Balanço da Greve das IFES 2012

Passamos por uma greve da educação que rompeu os 100 dias, se configurando como a mais longa greve da história no setor. Foi uma greve nacional das IFES que reuniu estudantes (neste processo em mais de 40 IFES aderiram ao movimento), professores (58 de 59 instituições participaram do processo), servidores e técnico-administrativos em uma luta contra a desestruturação de carreira, ao mesmo tempo pela reestruturação da mesma, por melhores condições de trabalho e de estrutura nas instituições de ensino superior e contra o novo Plano Nacional de Educação que torna lei o aprofundamento da mercantilização, das privatizações de novo tipo, da expansão ou interiorização precarizada e sem o devido investimento em recursos humanos e materiais.

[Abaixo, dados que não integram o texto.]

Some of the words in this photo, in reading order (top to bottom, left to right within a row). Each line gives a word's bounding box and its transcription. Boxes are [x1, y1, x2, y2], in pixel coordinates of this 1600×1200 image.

Essa é tida como a maior greve das categorias em 10 anos, e carregou o desafio não somente de obter força mobilizada para impor ao Estado e seus gestores do Partido dos Trabalhadores as suas reivindicações, bem como enfrentar a burocracia sindical (Proifes) que no movimento são como “apêndices” da burocracia do Estado e cumprem o papel de “amaciar” as lutas bem como arrefecê-las e desmobiliza-las em prol da governabilidade. Entre os estudantes temos a “velha” entidade UNE que cumpre o mesmo papel, e hoje não é mais que “correia” de transmissão do Estado no movimento.

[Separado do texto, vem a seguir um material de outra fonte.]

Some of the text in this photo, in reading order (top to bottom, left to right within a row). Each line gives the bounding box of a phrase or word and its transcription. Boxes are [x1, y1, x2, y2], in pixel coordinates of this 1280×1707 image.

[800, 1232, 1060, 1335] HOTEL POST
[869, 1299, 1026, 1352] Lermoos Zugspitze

O que segue é um balanço e avaliação, desde nossa modesta participação, da atuação estudantil no movimento grevista, buscando traçar o que consideramos positivo e o que ainda se coloca como limites que devemos enfrentar.

As políticas da educação: universalização do ensino ou desestruturação precarizante?

               Quando observadas mais de perto, e não pelo ângulo das frases de efeito e propaganda institucional de apelo inclusivo e popular, as políticas de expansão da educação superior da dobradinha petista na gestão do Estado, Lula e Dilma, seguem a risca o ideário do “consenso de Washington” (ou a cartilha neoliberal para os países da América Latina), isto é enxugar custos, formar mais e mais barato (igual a tornar Universidade uma fábrica de diplomas), e como não podia faltar nesta receita, privatizar alguns serviços prestados pelo Estado. Nestes pontos parece que os “camaradas” foram ainda mais eficientes que FHC na implementação da agenda burguesa na educação de nosso País.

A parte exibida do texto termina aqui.